Sunday 5 May 2013

Pierce Brosnan Gets Candid About Women, Aging, Loss, Love, and The Evolution of His Career

Love is All You Need

Sony Pictures Classics
Pierce Brosnan hasn't stepped into James Bond's shoes for over a decade, but you wouldn't know it when you meet him. The Irish actor — who turns 60 this month, but doesn't seem to age — seems to be carrying on the suave legacy of Bond. Especially when it comes to his affinity and appreciation for women.
Hollywood.com caught up with Brosnan to discuss his latest film Love Is All You Need and when it came to the subject of his co-star, Danish actress Trine Dyrholm (whom Brosnan says has "the Meryl Streep touch" to her craft), he put it simply: "I've been blessed with all the leading ladies I've been with, they've all been rather gorgeous and beautiful and I love women." When it came to the subject of his Oscar-winning director Susanne Bier, he put it simply: "I've worked with some great directors from Barbra Streisand to Susanne Bier to when I did Remington Steele, there were some fine lady directors on that show. I love working with women. I love women. There's just an ease and a grace." Brosnan. Pierce Brosnan.
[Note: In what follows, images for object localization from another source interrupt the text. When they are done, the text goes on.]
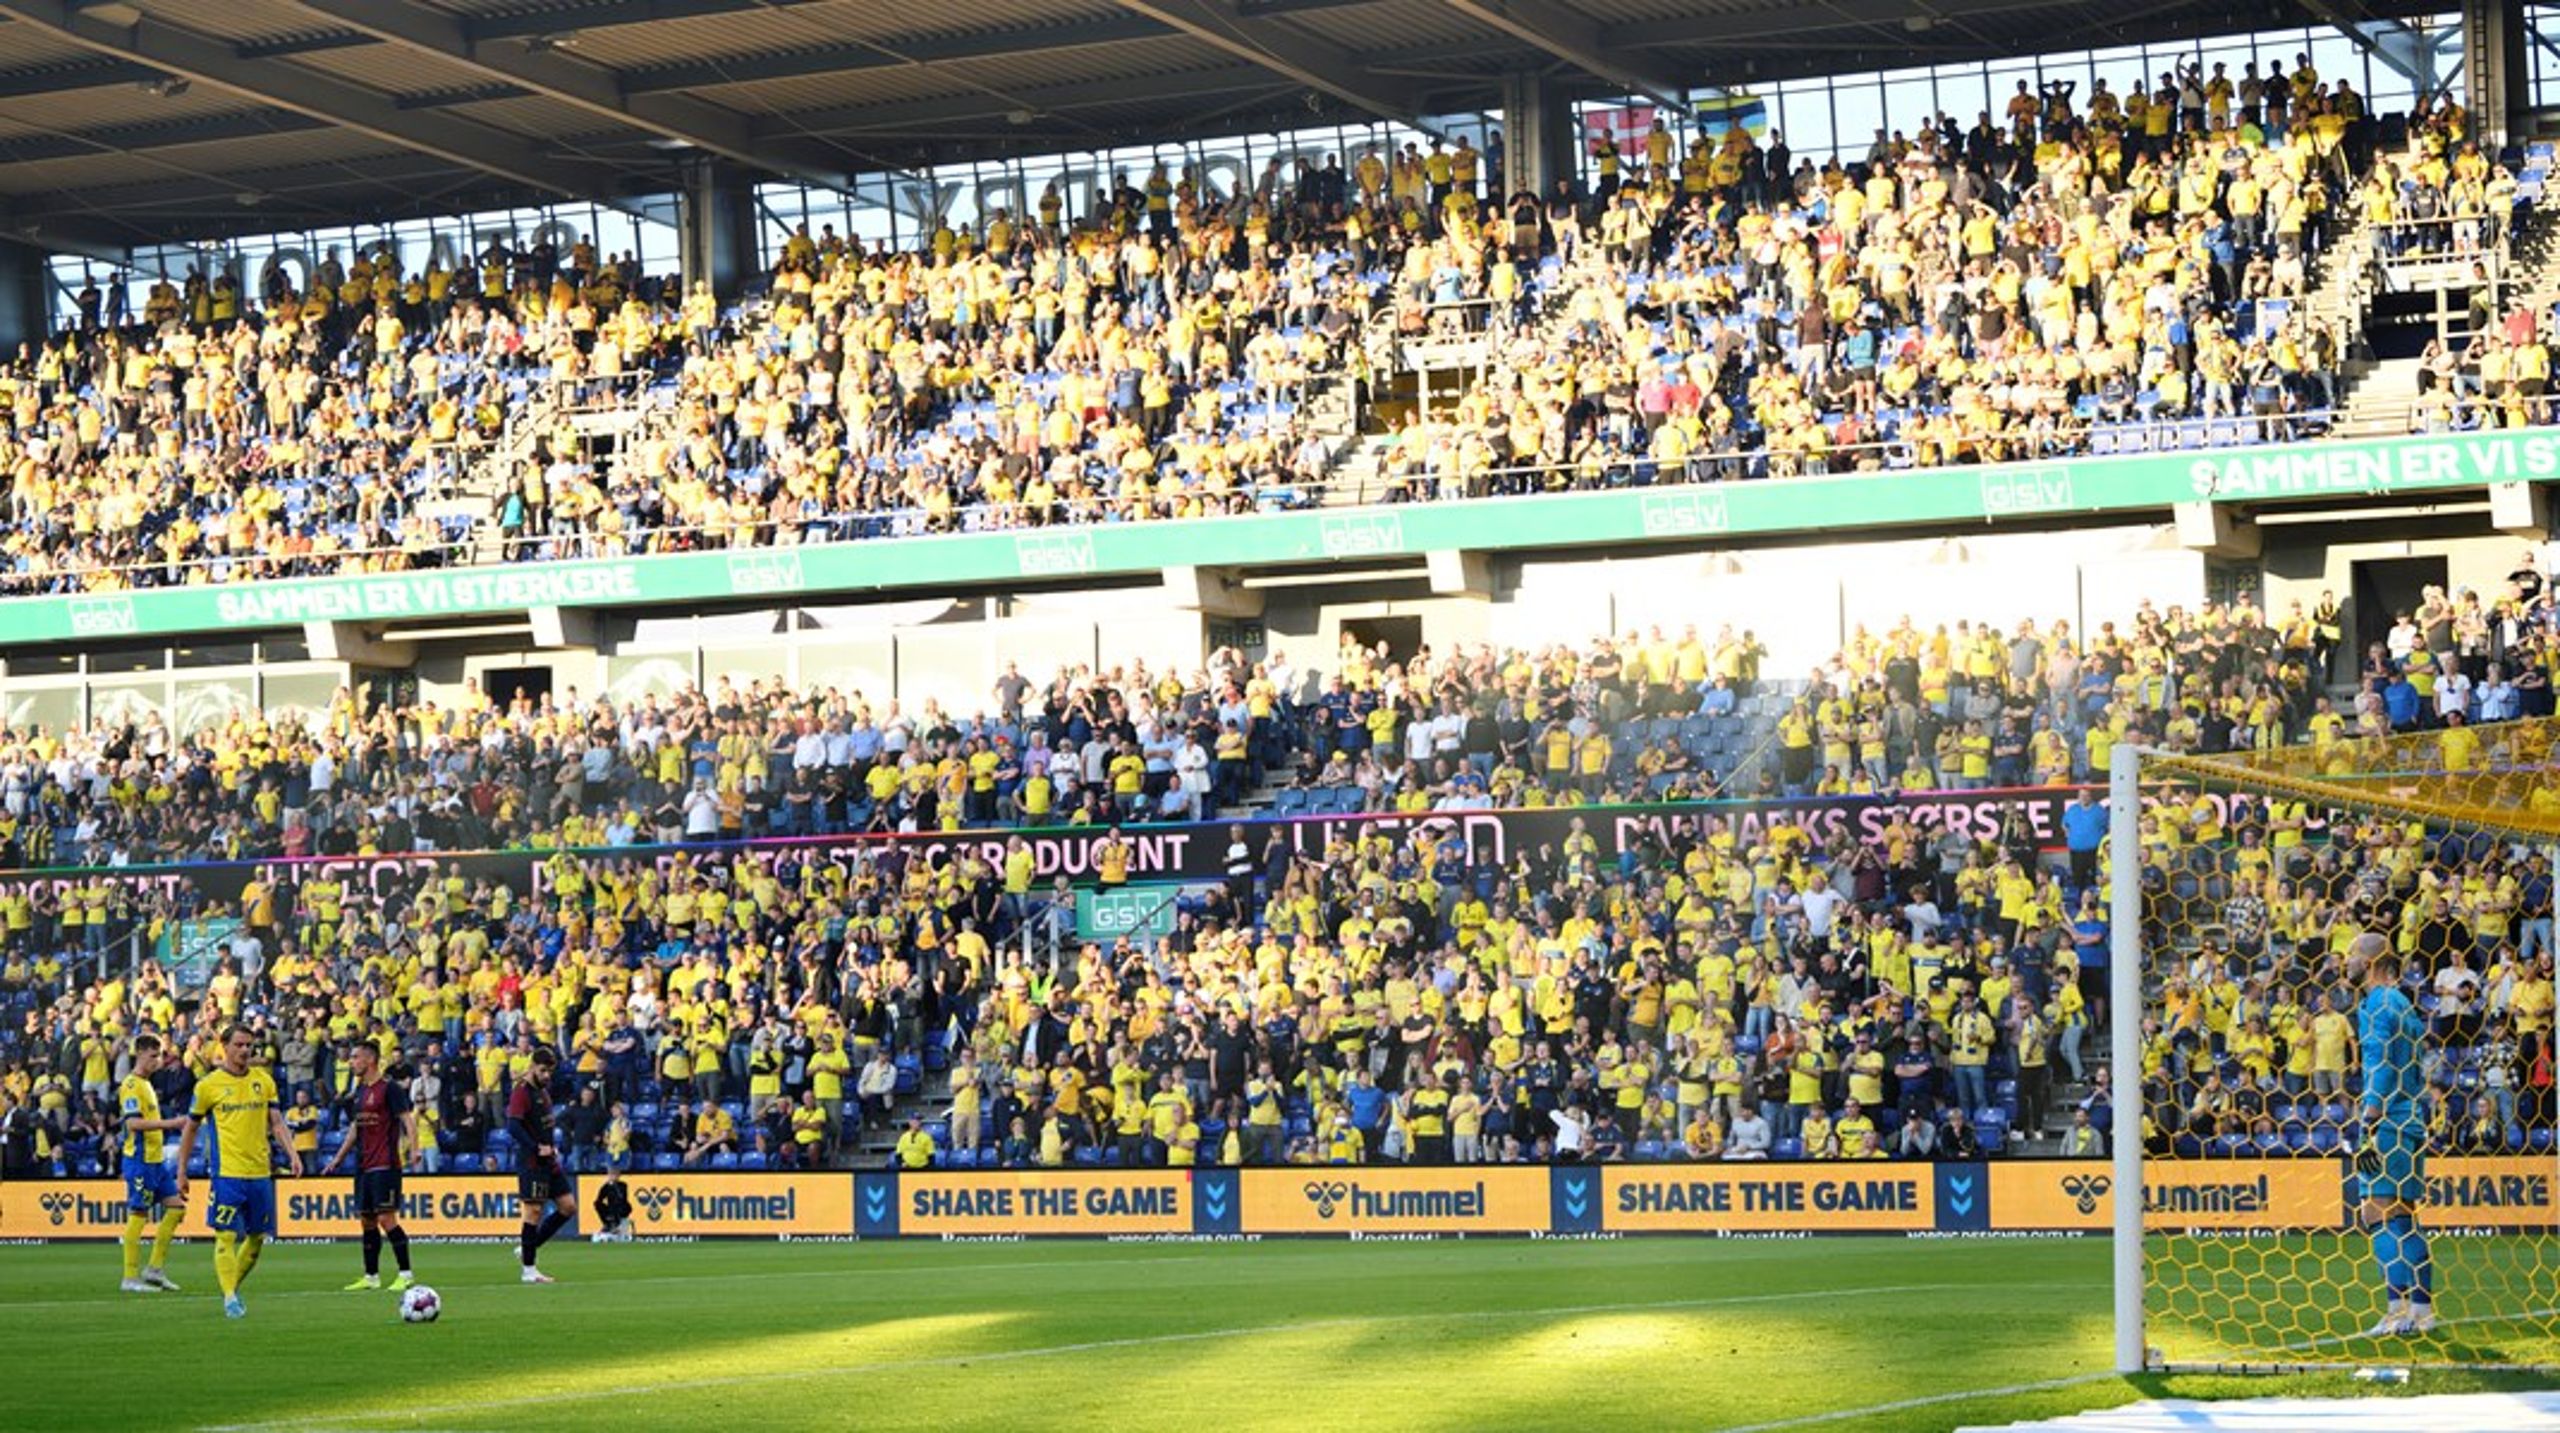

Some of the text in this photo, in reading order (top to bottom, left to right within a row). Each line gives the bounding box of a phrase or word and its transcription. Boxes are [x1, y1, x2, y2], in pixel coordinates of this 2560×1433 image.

[2189, 436, 2560, 496] SAMMEN ER VI S
[1986, 480, 2066, 508] GSV
[1647, 504, 1725, 530] GSV
[1326, 526, 1396, 552] GSV
[1022, 547, 1090, 572] GSV
[733, 566, 800, 590] GSV
[217, 564, 641, 623] SAMMEN ER VI STÆRKERE
[74, 611, 136, 633] GSV
[1097, 905, 1158, 927] GSV
[677, 1186, 796, 1221] hummel
[913, 1186, 1178, 1217] SHARE THE GAME
[1351, 1180, 1485, 1218] hummel
[1618, 1180, 1918, 1212] SHARE THE GAME
[2141, 1174, 2269, 1213] ummel
[2425, 1174, 2548, 1207] SHARE
[216, 1205, 235, 1226] 27
[289, 1192, 522, 1221] SHAR HE GAME
But, it wasn't just his fondness for working with talented females like Dyrholm and Bier that drew him to a project like Love Is All You Need.  The film a glossy but heartfelt romantic drama about a hairdresser named Ida (played by the vivacious Dyrholm who gets naked, literally and metaphorically), a cancer survivor whose husband has been cheating on her, and Philip (Brosnan, in what Bier describes as "one of his most touching performances"), a hard-working businessman and widower. Philip and Ida meet at their respective children's nuptials at a picturesque French villa and the two begin fall in love. "It goes right up there on the shelf with, dare I say, Mamma Mia," Brosnan says of the film, which taps into similar theme of finding yourself — and, of course, love —at any age.
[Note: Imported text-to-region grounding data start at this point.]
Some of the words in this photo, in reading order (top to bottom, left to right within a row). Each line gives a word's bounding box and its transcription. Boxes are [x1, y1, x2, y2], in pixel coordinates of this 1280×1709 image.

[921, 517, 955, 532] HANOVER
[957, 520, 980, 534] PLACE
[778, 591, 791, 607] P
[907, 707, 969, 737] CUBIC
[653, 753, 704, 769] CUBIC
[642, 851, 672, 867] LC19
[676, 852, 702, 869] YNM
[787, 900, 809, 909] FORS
Another one of the film's emotional cores — dealing with a devastating loss — is one that hits especially close for Brosnan. In 1991, Brosnan lost his first wife Cassandra Harris to ovarian cancer. They had one son together, Sean, as well as her children from a previous marriage Charlotte and Christopher. (Brosnan remarried in 2001 to his wife Keely Shaye Smith, with whom he has two sons with, Dylan and Paris). "All of that life pain that I went through — somewhat publicly, somewhat privately — is in the past but I can certainly identify and draw upon it," he says of playing a part like Love Is All You Need's Philip, a man who is still dealing with his pain.
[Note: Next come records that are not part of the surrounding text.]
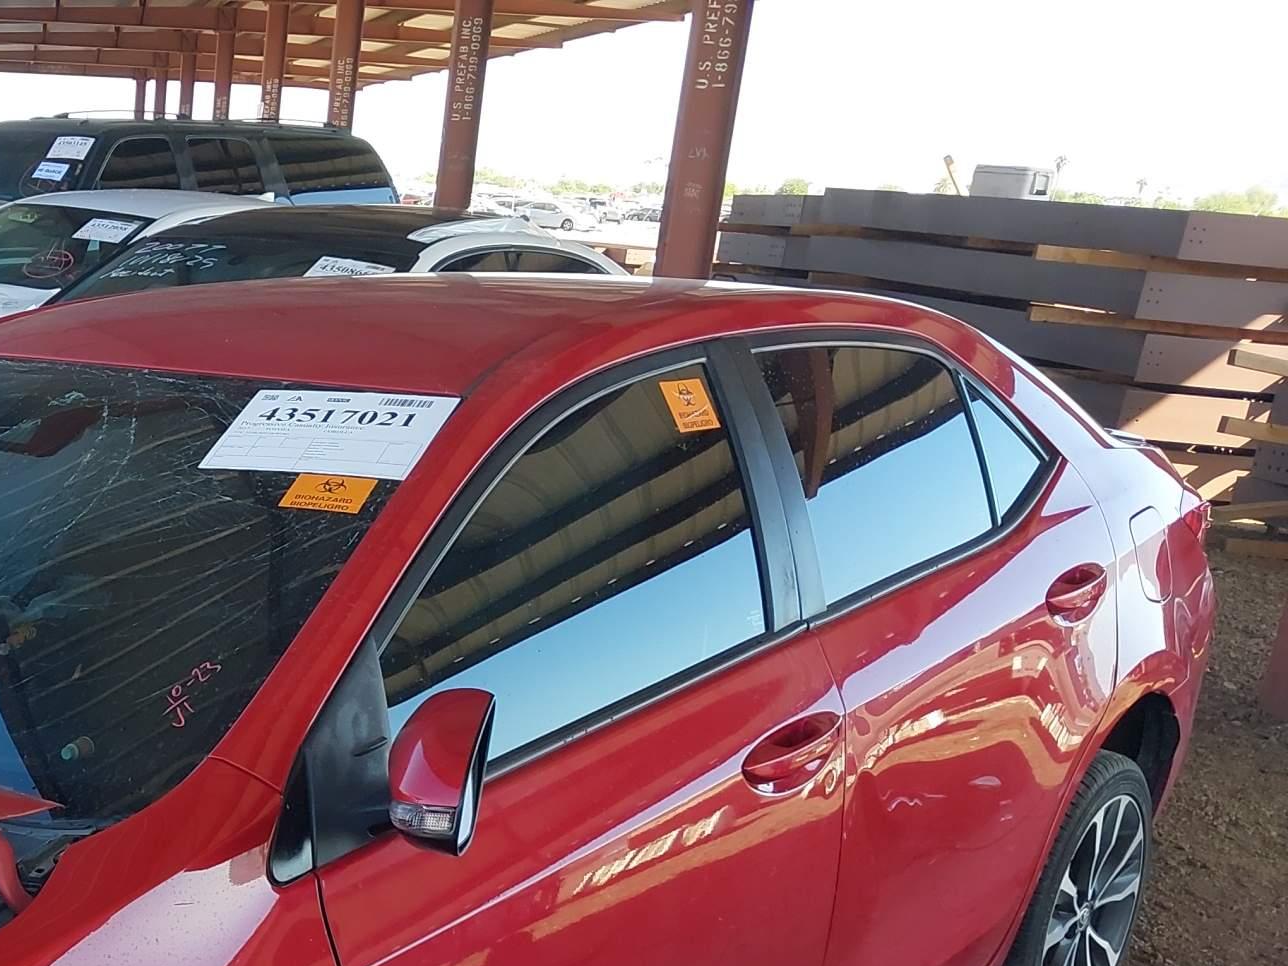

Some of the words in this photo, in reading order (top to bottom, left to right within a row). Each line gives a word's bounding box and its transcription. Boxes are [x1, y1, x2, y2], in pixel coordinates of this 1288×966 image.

[711, 0, 738, 89] 1-866-79
[454, 45, 470, 93] PREFAB
[258, 405, 418, 428] 43517021
[289, 500, 350, 511] BIOPELIGRO
[294, 494, 353, 505] BIOHAZARD
"This character and this movie and this script found me at the right time in my life to be able to sit still and explore my own tragedies, my own pain, my own loss, what it's like to be a single parent," Brosnan continues. "In the hands of Susanne Bier, you surrender to that and allow yourself to go there. It just made sense. Her style of direction is very quiet and specific, strongly so at times. But there's great liberation in there because of the cinematic style that she uses. There were many emblems within the story: fatherhood, being a widower, being a single parent, a man of business, being alone, being middle-aged, dealing with time, time past, time present, time future."
And time, it seems, has since been kind to Brosnan. Not just in terms of his rugged good looks, but finding peace and comfort within himself and his career. "I painted myself into a corner sometimes I feel with the style of performance I'd given or the kind of actor I was trying to create when I came to America with Remington Steele," Brosnan admits. "As you get older there's a loosening of the ties to the ego and the posturing of who you are and how you behave. There's an ease within my own being now and there's a confidence, simple as that really, with performing... there's a great joy in being an older actor now. You have to adapt to your age and your years. It's nothing but humble gratitude of having come down the road so far."
Then again, it's hard not to be humbled with gratitude when you have labor of love projects like the big screen adaptation of Nick Hornby's A Long Way Down (in which he stars alongside Aaron Paul, Toni Collette, and Imogen Poots, whom he refers to as "The Quartet...we were joined at the hip") and, of course, Love Is All You Need. Love, being the key word.
"It all melded together from day one," Brosnan recalls, adding, "[my cast and director] embraced me with such a warmth and generosity and I, in return, did the same and we just hit the ground running. The experience of filming on a day-to-day basis was nothing but joy. It's criminal how much fun we had.  It was a magical summer." Who knew Bond was such a softie?
Love Is All You Need opens in limited release on May 3.